Fortunately Ampontan shoots down this claim rather quickly:

What Okazaki fails to mention is that the Hull Note was issued on November 26, 1941, fewer than two weeks before the attack on Pearl Harbor. The Japanese strike force had already set sail the day before (American time, but also the 26th Japanese time). They could have been recalled, but the Hull Note made it certain that they wouldn’t be.

Mr. Okazaki must have taken some notes from the anti-American Korean nationalists that use the obscure Taft-Katsura Agreement to bash the United States with. You would think a country like Japan that is so advanced in areas like democracy, human rights, technology, business, etc. would be mature enough to settle this history dispute between them, China, and Korea instead of relying on changing distorted history with revised history. Every country has history that it would rather forget about. You wouldn’t believe how many different countries I’ve been to and people have asked me if Native-Americans still live in teepees and if we have any plans of wiping the rest of them out.
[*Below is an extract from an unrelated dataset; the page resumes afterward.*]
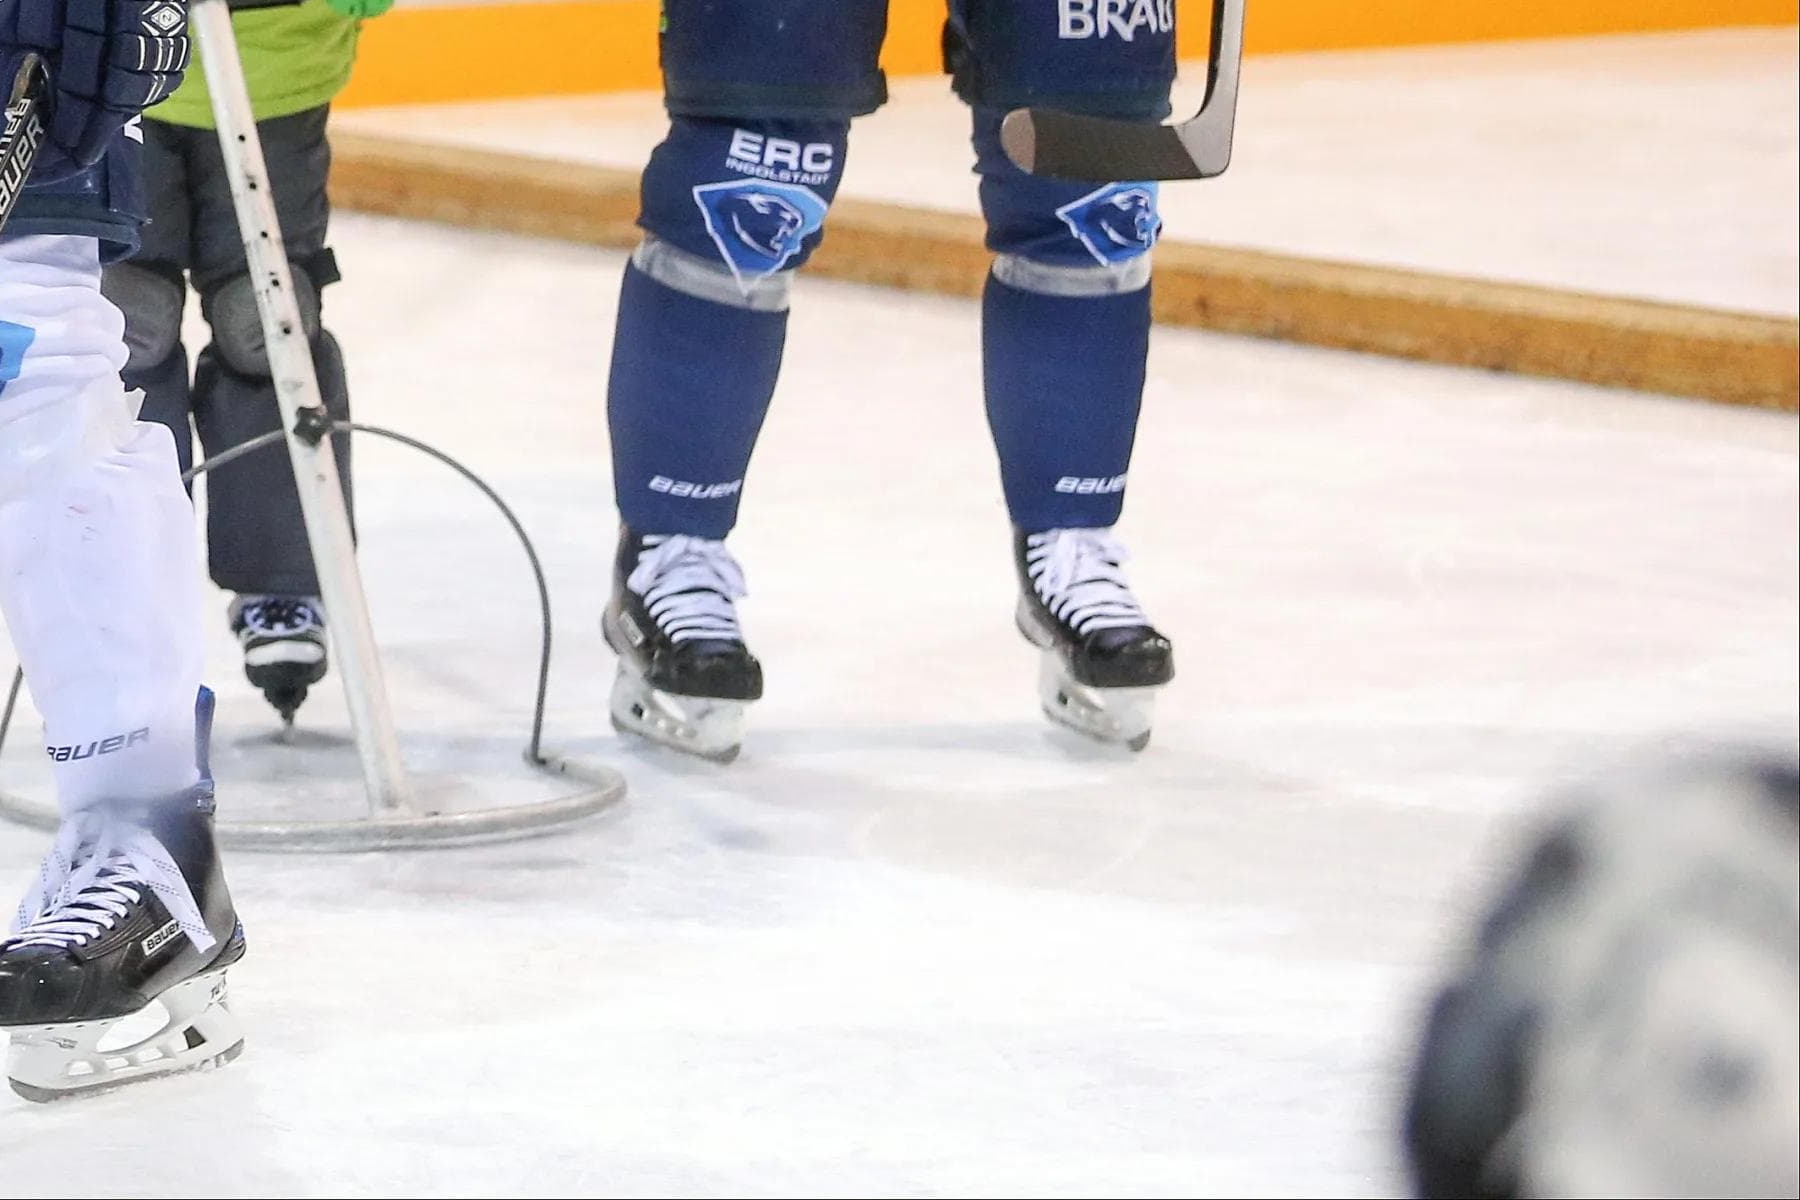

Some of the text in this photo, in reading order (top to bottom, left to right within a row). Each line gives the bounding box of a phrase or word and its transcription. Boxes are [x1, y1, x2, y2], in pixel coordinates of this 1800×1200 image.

[729, 128, 834, 173] ERC
[725, 157, 830, 186] INGOLSTADT
[649, 474, 742, 499] BAUER
Or how many times self righteous foreigners preach to me about the horrors of General Custer and why the US government should condemn him as a war criminal. As annoying as these claims are, not once has someone claimed to me that the US government is trying to cover up the injustices committed against Native-Americans.


Japanese World War II Zero in the Yushukan museum.

By interpreting history the way the Yushukan museum does, it keeps alive the perception that the Imperial Japanese of World War II is still what represents Japanese policy in regards to its Asian neighbors today. This perception is what allows the political demagogues in Korea and China to use anti-Japanese sentiment to deflect attention away from their own political short comings. I just don’t see how Japan will be able to seek a position on the United Nation’s Security Council if it can’t work out an agreement to solve this distorted history issue with its neighbors. If Japan cannot work out an agreement to this issue, how will Japan ever have international creditability to deal with much larger and important issues such as the Israeli-Palestinian issue? Until these issues are solved Japan will never have the credibility and influence in the world that it’s population and economic might should render it.


A steam engine that actually operated on the infamous Thai-Burma Railway made famous by the movie, A Bridge On the River Kwai.